Mots-clés: psychanalyse, formation, institution, supervision, amitié


 

 

Quando recebi o convite para participar de uma das mesas do Eixo Didático do XXV Congresso Brasileiro de Psicanálise, soube que seria a primeira vez que um membro filiado participaria deste Eixo reservado tradicionalmente apenas a analistas da ipa com a função didática. A solidão nessa posição particular serviu como um viés oportuno para desenvolver meu pensamento. Um pensamento que vem do olhar de um usuário da supervisão.

Durante o meu percurso na psicanálise, já tive a oportunidade de fazer algumas supervisões, algumas movidas apenas pela minha demanda pessoal, outras motivadas, também, por uma determinação institucional.

Nunca havia me sentido muito instigado em pensar sobre a supervisão como prática em si. O que poderia ainda se falar de uma prática tão consolidada? Achei que trabalharia sobre uma obviedade. Mas não foi bem assim. Bastou que eu começasse a pensar com base em minhas experiências de supervisões, para que essa ideia da obviedade se dissipasse.

Passei a me questionar: será que eu consideraria minhas experiências de supervisão como atos analíticos fundantes para me tornar analista, assim como foram minhas experiências de análise? Consideraria a supervisão como ato tão essencial para me sustentar na prática clínica, quanto considero, por exemplo, a apropriação de um referencial teórico? Para ambas as perguntas minha resposta foi negativa.

Passei a pensar, então, sobre qual teria sido o papel que a supervisão havia desempenhado na minha formação. O que eu retiro dela? Simplesmente uma autorização de um outro, corporificado pela instituição, para poder ocupar o lugar de analista? Passei a considerar, depois disso, que poderia tratar-se de uma demanda puramente institucional, ainda que muitas vezes transvestida de uma demanda clínica pessoal.

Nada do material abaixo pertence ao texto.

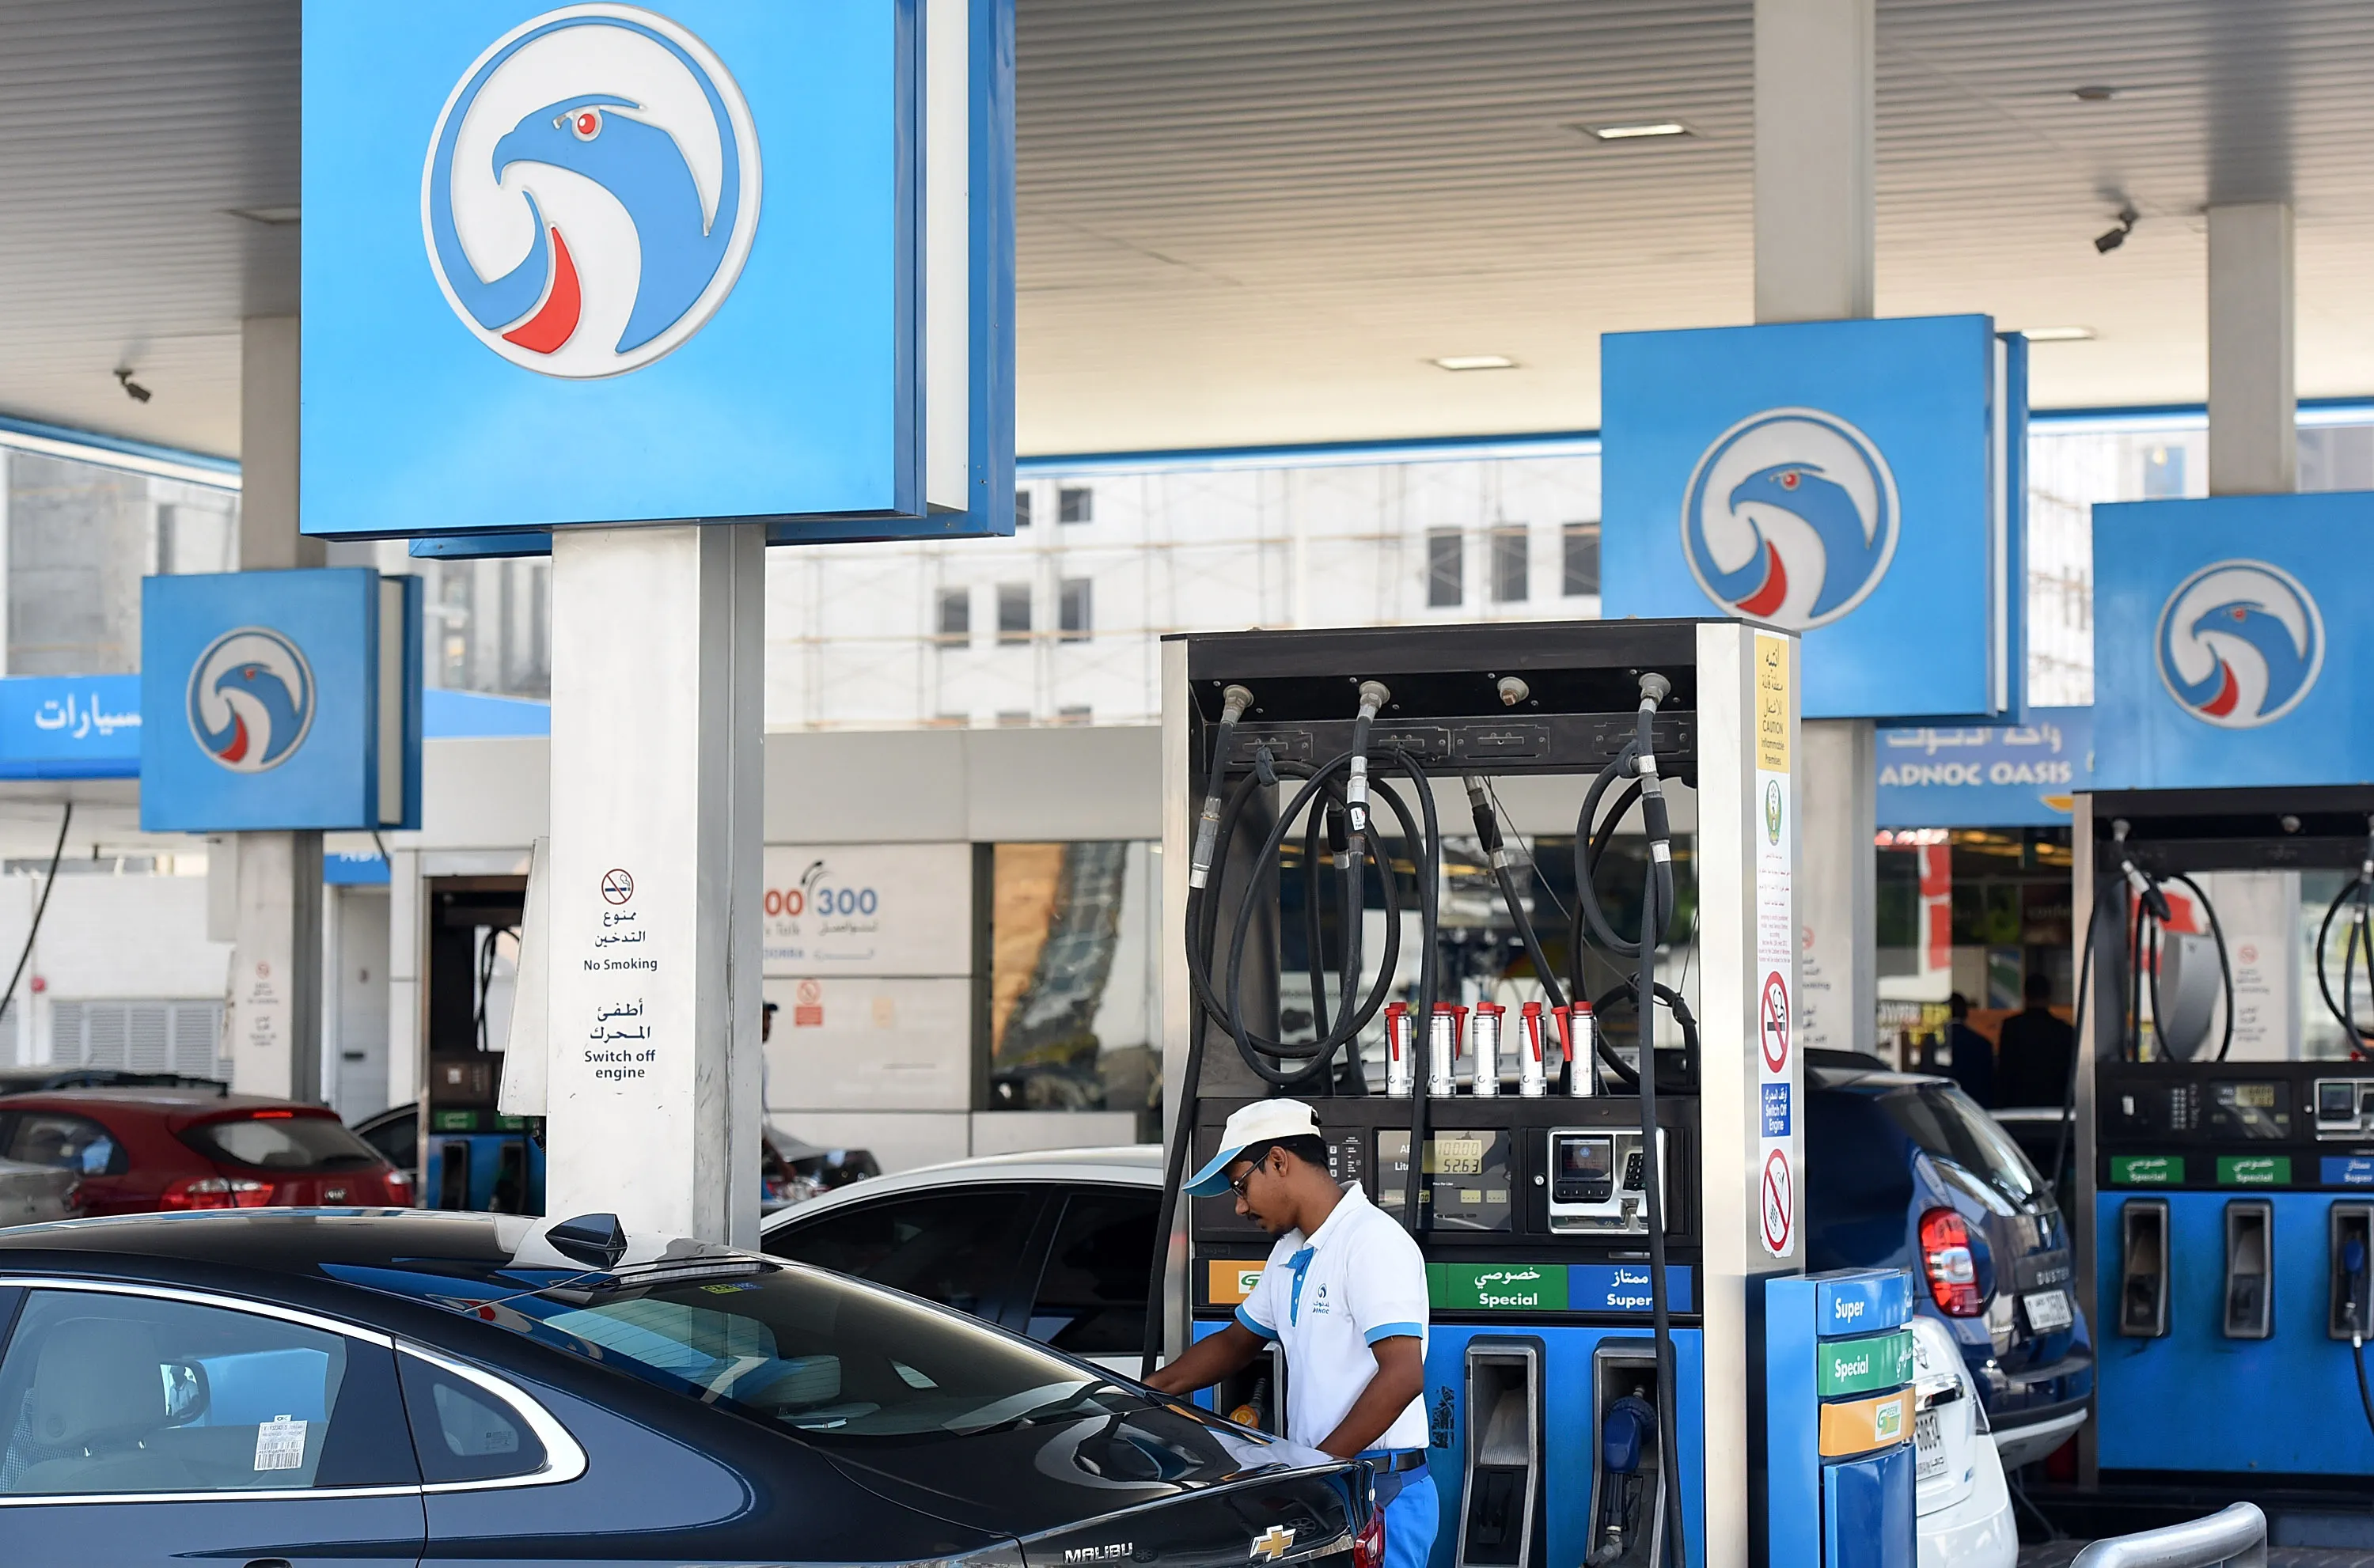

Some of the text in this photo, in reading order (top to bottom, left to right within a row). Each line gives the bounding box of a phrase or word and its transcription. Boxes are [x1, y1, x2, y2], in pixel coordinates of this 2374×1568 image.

[1762, 720, 1784, 735] CAUTION
[1761, 737, 1784, 751] Inflammable
[1765, 754, 1782, 766] Premises
[1879, 761, 2073, 786] ADNOC OASIS
[764, 888, 877, 916] 00 300
[603, 910, 636, 927] ممنوع
[595, 930, 646, 948] التدخين
[584, 957, 658, 971] No Smoking
[597, 998, 643, 1022] أطفئ
[590, 1025, 650, 1043] المحرك
[585, 1049, 656, 1062] Switch off
[596, 1066, 645, 1081] engine
[1765, 1104, 1780, 1116] Switch
[1769, 1118, 1784, 1134] Engine
[1438, 1142, 1479, 1156] 100.00
[1444, 1159, 1479, 1172] 52.63
[2236, 1172, 2274, 1184] Special
[1474, 1267, 1648, 1290] خصوصي ممتاز
[1479, 1293, 1653, 1309] Special Super
[1836, 1297, 1864, 1323] Super
[1834, 1354, 1869, 1383] Special
[1064, 1542, 1133, 1564] MALIBU

Minha conclusão é que a supervisão não seja essencial para se constituir um analista, enquanto tal. Na história da psicanálise inúmeros analistas não se submeteram à supervisão. Strachey e tantos outros pioneiros de sua geração são exemplos de um período em que a posição de analista podia ser assumida com base na própria análise apenas.

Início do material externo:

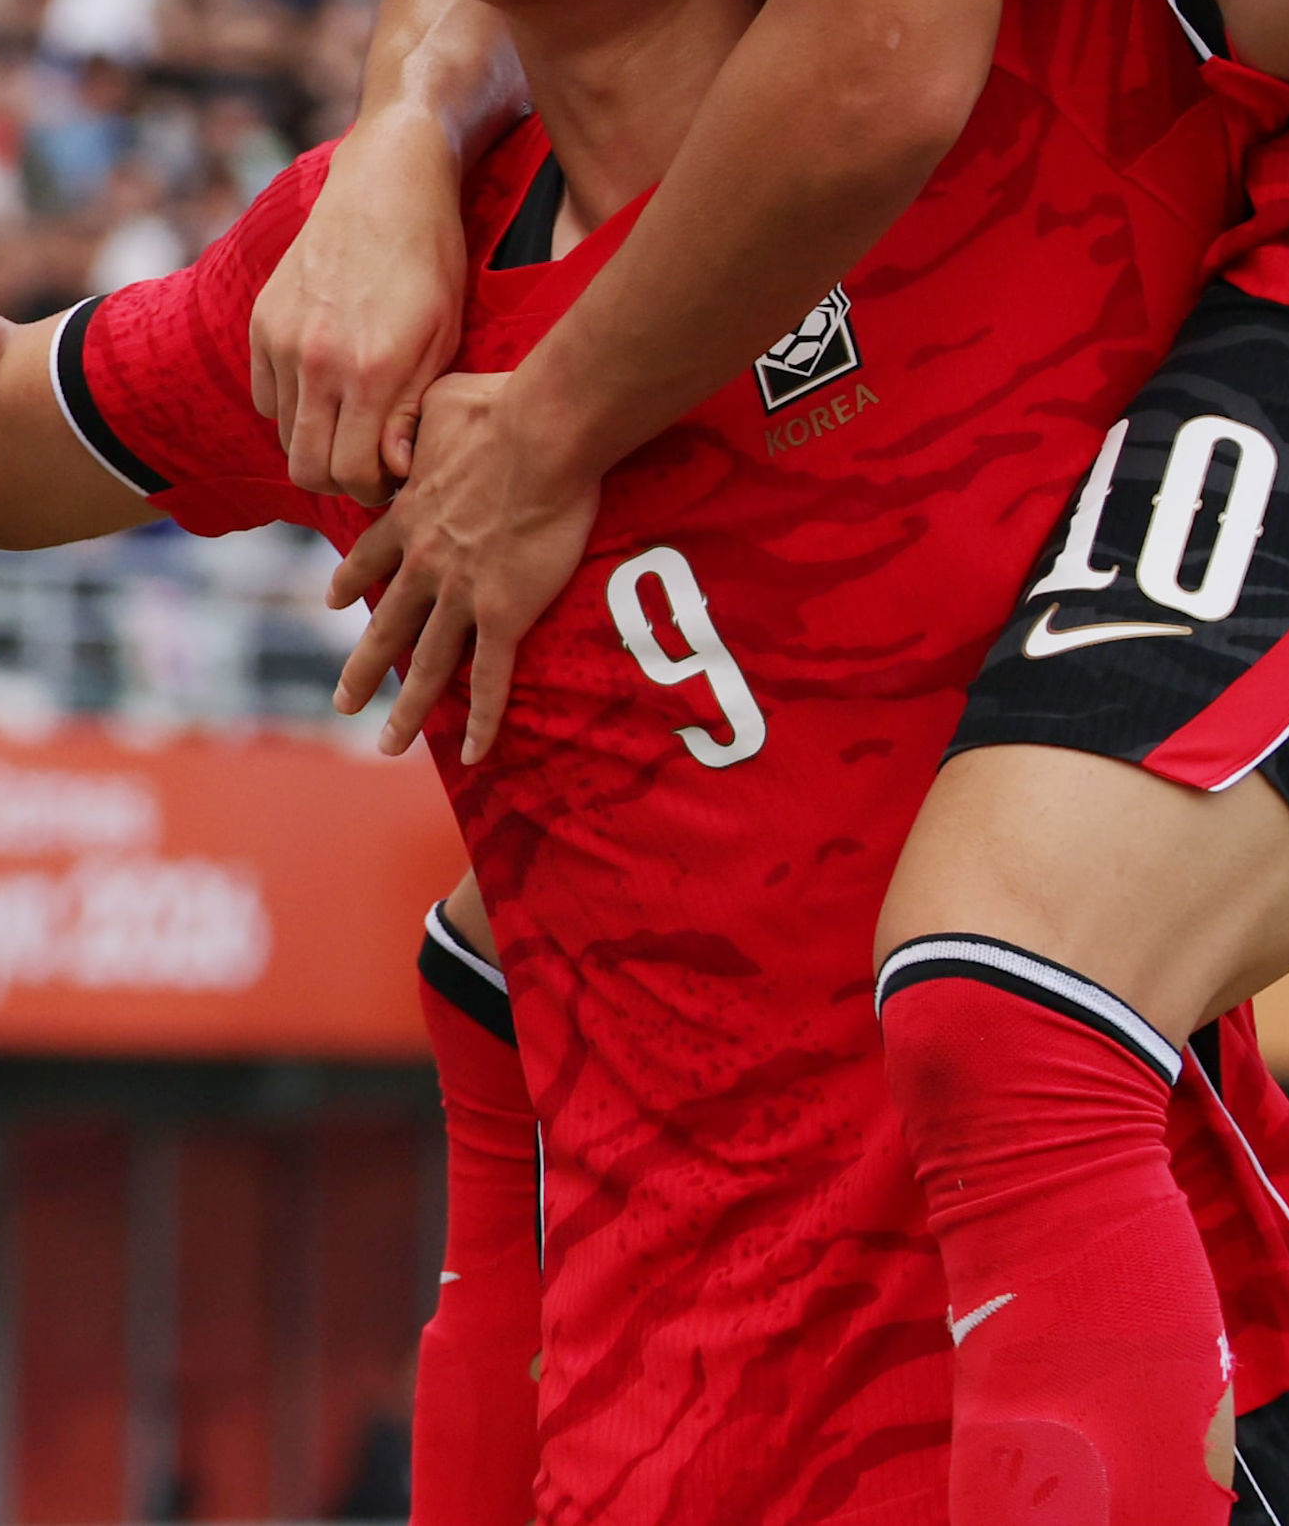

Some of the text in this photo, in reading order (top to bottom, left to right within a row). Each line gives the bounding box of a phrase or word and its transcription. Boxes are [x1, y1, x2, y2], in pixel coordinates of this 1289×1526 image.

Mas isso não me pareceu encaixar-se muito bem na minha experiência. A questão não poderia ser assim tão óbvia.

Foi aí que me remeti a alguns pensamentos estranhos que já me ocorreram quando me encontrava na posição de supervisionando. Fui relembrando algumas inquietações e loucuras pessoais de diversas ordens que encontraram, no espaço de minha supervisão, um lugar, ao mesmo tempo, de origem e de escoamento.

Divido com vocês duas dessas minhas loucuras.

A primeira delas é que, muitas vezes, durante minha supervisão, me acompanhou o sentimento de que eu estaria traindo meu analista. Acho que isso tenha ocorrido porque naquela situação, durante a supervisão, eu estava direcionando meus afetos e, portanto, minhas transferências, para outro analista.

Muitas vezes, me percebi com uma fala muito mais livre, ou, pelo menos, mais leve do que a que manifestava durante minha própria análise. Após uma fala interessante de meu supervisor, já me ocorreu: por que meu analista não tem essas sacadas? Já fantasiei também sobre como seria fazer análise com meu supervisor.

Não me considerei, porém, satisfeito apenas com uma culpa. E aí é que entra a minha segunda loucura.

Muitas vezes, também, me senti traindo meus pacientes. Senti uma certa culpabilidade ética, que imagino decorrer do fato de eu usar, para fins pessoais meus, do sofrimento deles. Sofrimento descrito em relatórios, relatos marcados pela quebra de uma confidencialidade, sustentada na confiança e na intimidade.

Introduzi um terceiro em sua análise, veiculado pela fala, ideia, lembrança ou mesmo interpretação de um outro sujeito, sem que meu paciente soubesse. E pior, algumas vezes, isso tudo nem sempre nos ajudava. Ao contrário, essas interferências muitas vezes levavam à uma sobre-elaboração de minha escuta analítica.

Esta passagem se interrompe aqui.